“I do hope there’s a deaf and dumb saint who intercedes for girls in love!” cried Miss Hannah Gallatin impatiently. “It would be the only one who could thoroughly understand her! Evidently you think the apartment means that G. Rodney expects to cage his bird, but I think that’s by no means certain. You blind, honest little bat, it might mean anything else but that! Cicely Adair, I found out lately, accidentally dropping a book out of which a card tumbled—one of G. Rodney’s books—that he was once a Catholic!”

“Yes, he was,” Cis said carelessly. “I knew that. He doesn’t believe in any form of religion; he thinks it’s all nonsense, but I’ll learn to be a good Catholic myself, and then Rod will get straightened out.”

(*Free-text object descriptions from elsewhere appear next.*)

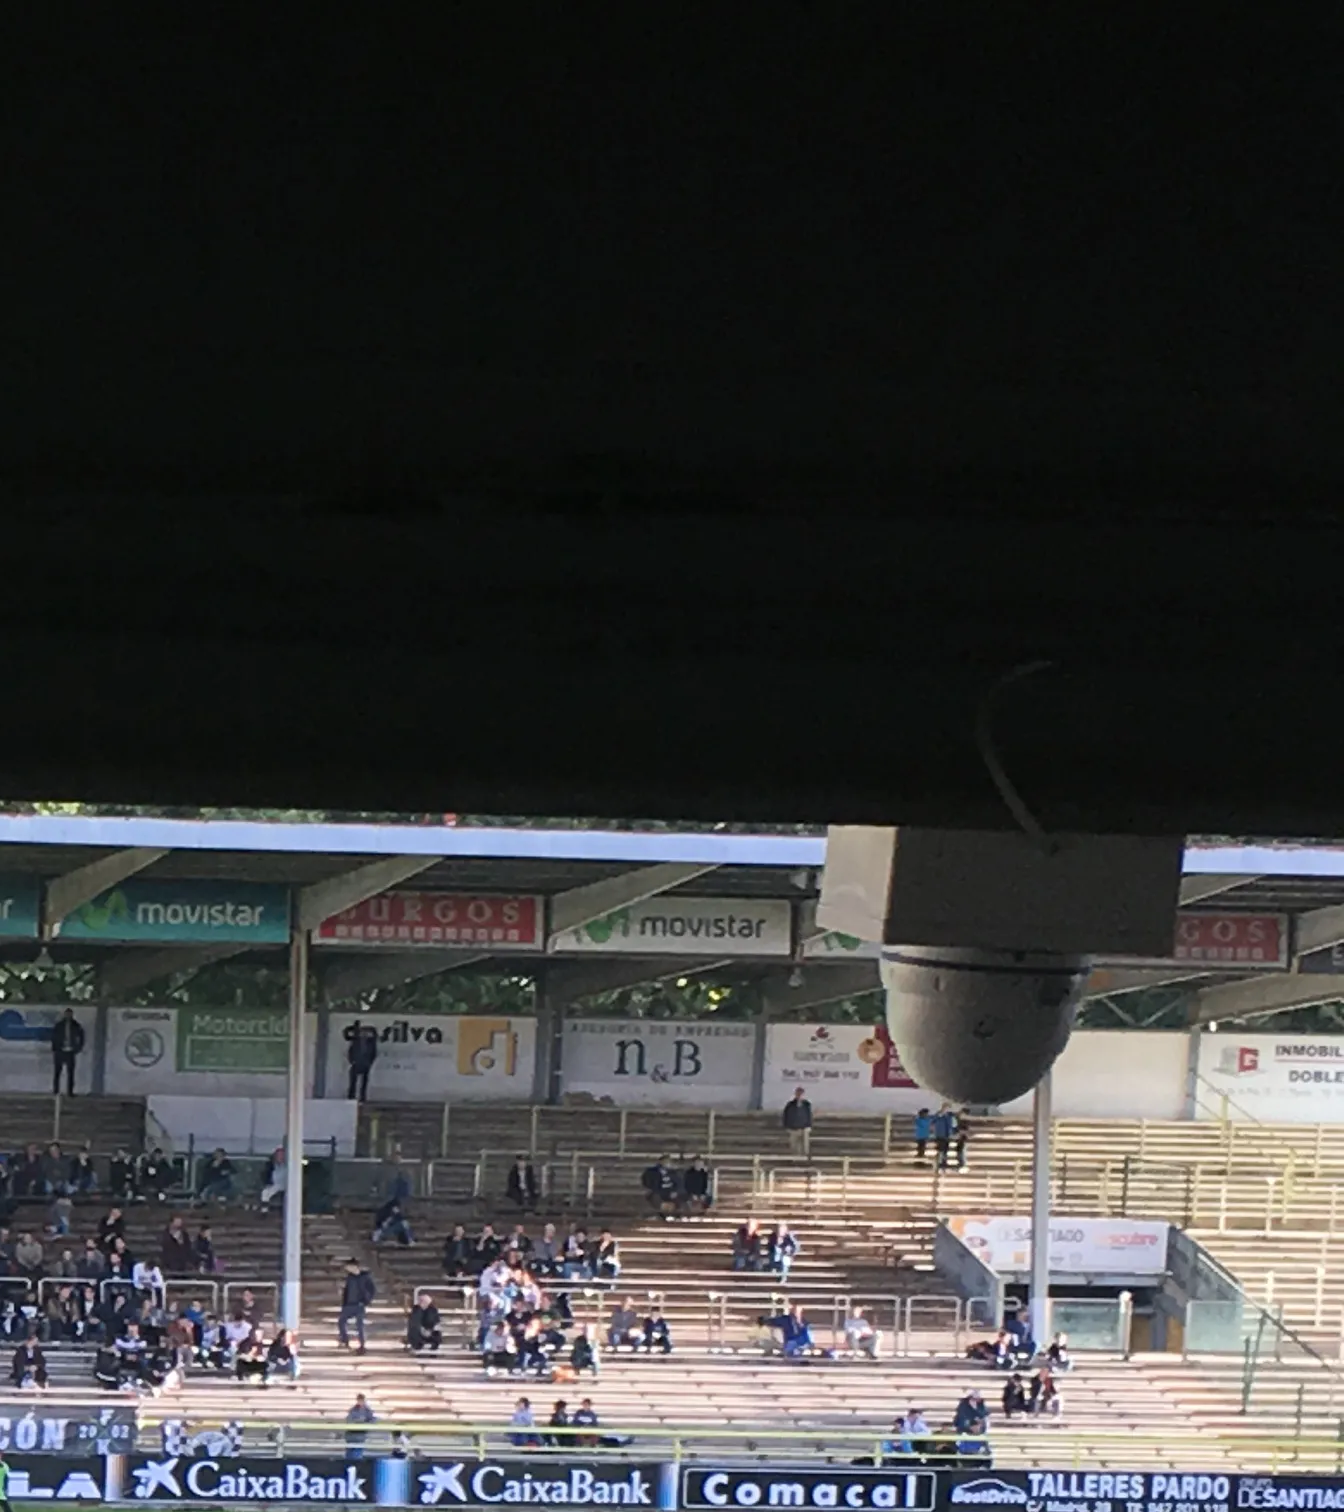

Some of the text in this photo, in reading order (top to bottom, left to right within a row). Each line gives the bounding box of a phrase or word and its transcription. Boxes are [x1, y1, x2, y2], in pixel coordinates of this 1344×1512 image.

[136, 900, 264, 927] movistar
[339, 895, 520, 924] URGOS
[638, 910, 767, 939] movistar
[1275, 1045, 1344, 1058] INMOBIL
[186, 1459, 367, 1500] CaixaBank
[472, 1466, 651, 1505] CaixaBank
[703, 1472, 917, 1508] Comacal
[1028, 1473, 1230, 1501] TALLERES PARDO

“Cicely Adair, look out for the man that is not true to his faith; disloyalty to his God is a mighty poor argument for his loyalty to a woman. And do your converting before, not after you marry him! Something there I don’t like; never have. I’m afraid for you, Cicely Adair. I wish I had proof—or else no doubts!” Miss Gallatin looked troubled.

Across the space of several months Jeanette Lucas’ voice reached Cis as Miss Gallatin spoke; it said again to her:

“I thought that I should cure his one defect, his indifference to religion. I know now that he was false to all things, to me as to God! Cicely Adair, you’re a Catholic girl; remember this lesson when you think of marrying.”

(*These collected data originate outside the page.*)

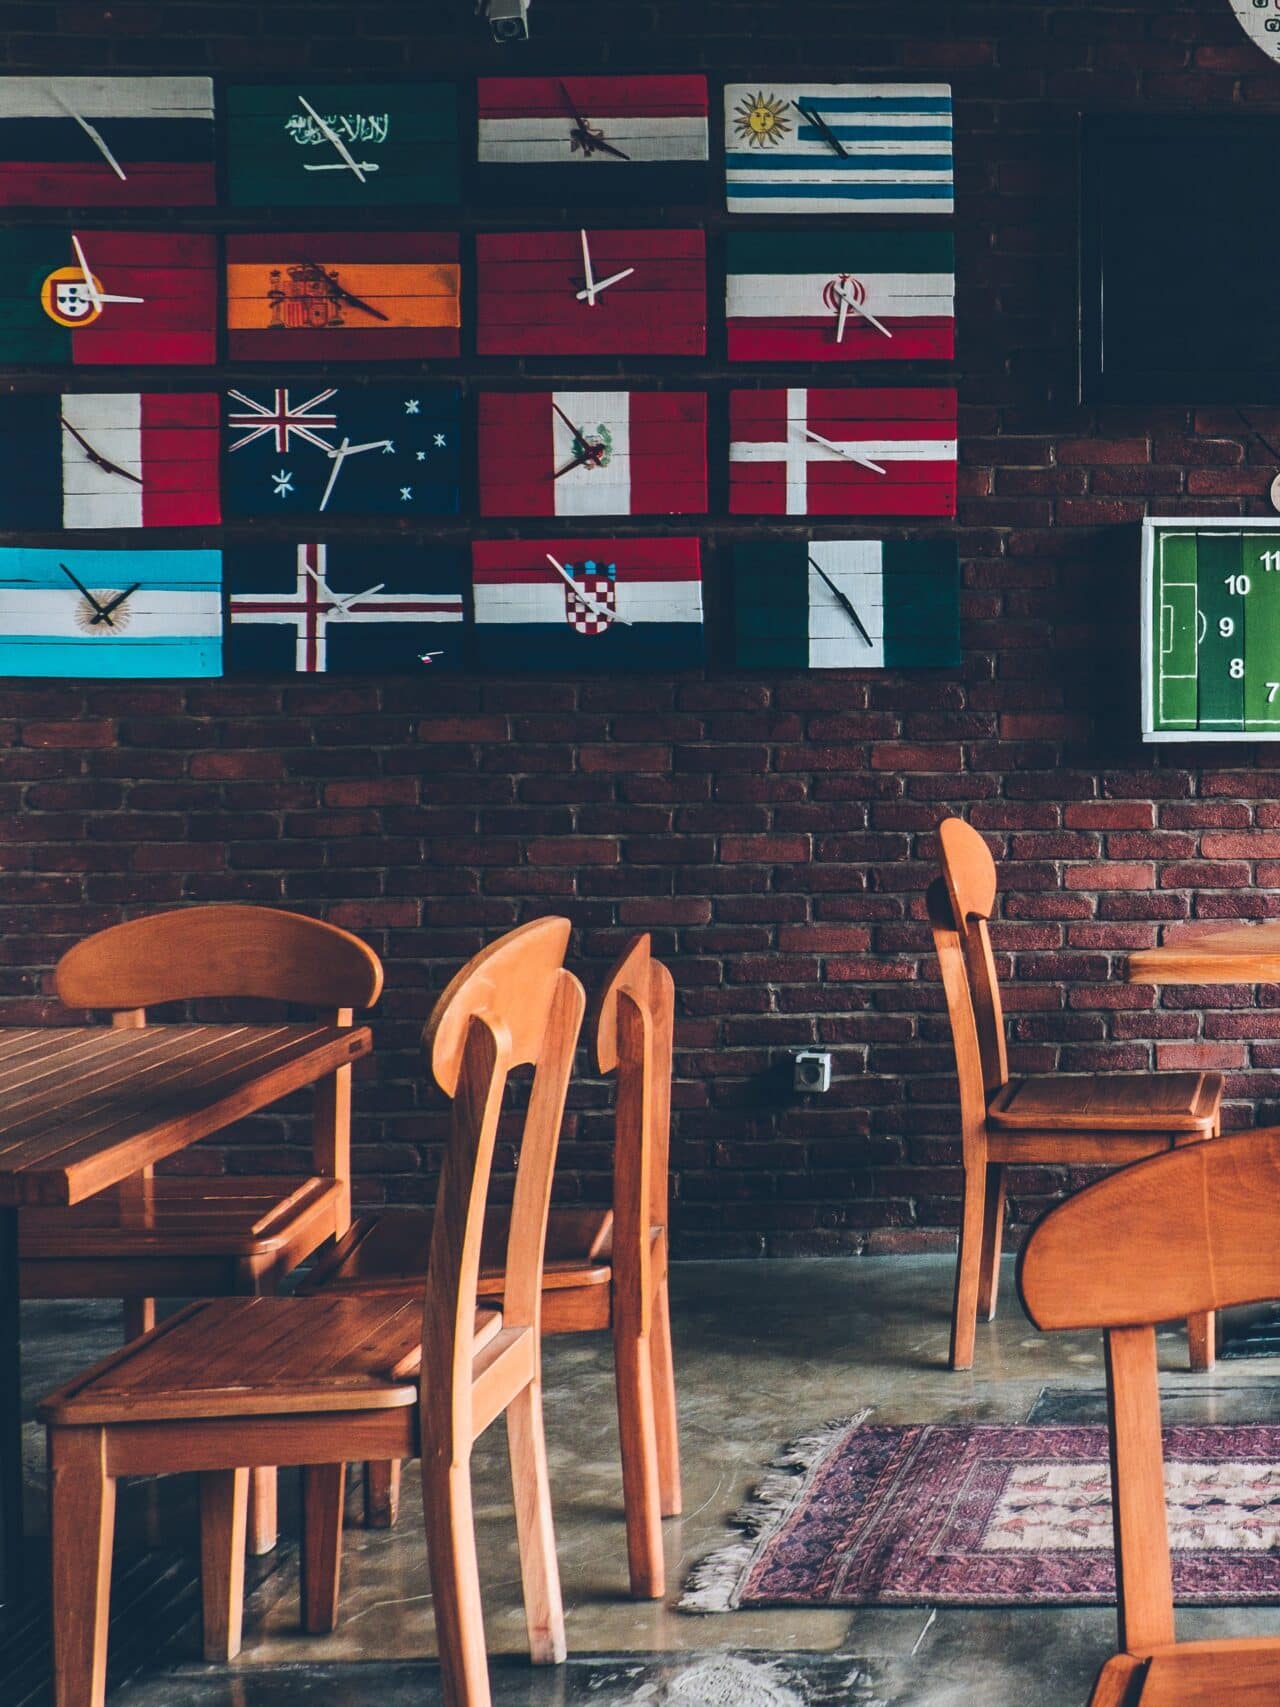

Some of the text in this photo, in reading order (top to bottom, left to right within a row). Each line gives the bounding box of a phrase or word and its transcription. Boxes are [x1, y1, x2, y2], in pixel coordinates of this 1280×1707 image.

[1260, 551, 1280, 571] 11
[1224, 574, 1250, 595] 10
[1219, 617, 1234, 637] 9
[1229, 658, 1244, 679] 8
[1265, 682, 1280, 703] 7

Cicely shivered involuntarily, and the chill of the memory of this warning from the girl whom she had revered, then pitied, drove out the quick anger with which she had heard Miss Gallatin’s last words, and made her answer quietly:

“I think you mean to be good to me, Miss Gallatin, and I appreciate it, but, please, nothing more against Rodney Moore to me. I ought not to have let you say one word! He loves me, as I love him, and he trusts me as I trust him. I don’t know what he will say when I tell him that someone warned me against him and that I let them—of course I must confess it to him! I shall marry him. There isn’t anything else to do when the whole world would be black-empty without him! Even if I’m to be unhappy, still I must marry him. But I’m not afraid of being unhappy. How silly, how wrong, but still more how silly, to suspect people without a grain of reason! You haven’t the least proof of Rod’s being anything but what I’ve found him, the best, as he is the dearest, cleverest, kindest, biggest, truest man in all the whole wide world!”

“Forgive my meddling, Miss Adair,” said Miss Gallatin humbly. “No one ever rescued a girl in love from her fate, even though she brought tons of proof against the man. And I have none; you’re right. Nevertheless—But I’m to say no more! I like you, my dear; I truly like you, and I’ve known what it was to love a man madly, trust him utterly, and find him false and evil! If G. Rodney leaves my house for that apartment and you’re not domiciled in it, will you come to board with me? I’d like to have you under my roof. And the day may come when you’ll find queer, lean, ugly Hannah Gallatin better than no one. Like Mrs. Wallace’s?”

“Oh, yes; it’s all right,” said Cis, glad to be let off from answering the previous questions. “It’s clean, and she gives us lots of good food, but—Mrs. Wallace’s women boarders are not all my fancy might paint them!”

“Fancy sketches ’twould be!” returned Miss Gallatin. “Women boarders are a species by themselves; idle, censorious, meddlesome. Hers aren’t peculiar to Mrs. Wallace; she’s not to blame for ’em; mine are just the same! They’re all alike, mostly, and when they’re different from the rest, heaven help the different ones! The things I’ve seen women, who were supposed to be ladies when they were away from a boarding house table, do to get the hearts of the celery—gracious! I’m sure those at Mrs. Wallace’s pick at you; you’re too gay and independent to escape! Too young, besides! Well, that would be the same anywhere, but come to me if ever there’s a chance. You can’t come while G. Rodney’s in the house; I won’t have you! Now, good-bye, my dear! I do like you, and, somehow, the thought of you anxiously haunts me. Believe me, if you are happy with G. Rodney and can bring him back to his faith, if he’ll be to you what you expect him to be, no one will be more glad than queer Hannah Gallatin! So don’t hold a grudge in your memory of me, and come to see me some Sunday—if you have spare time!”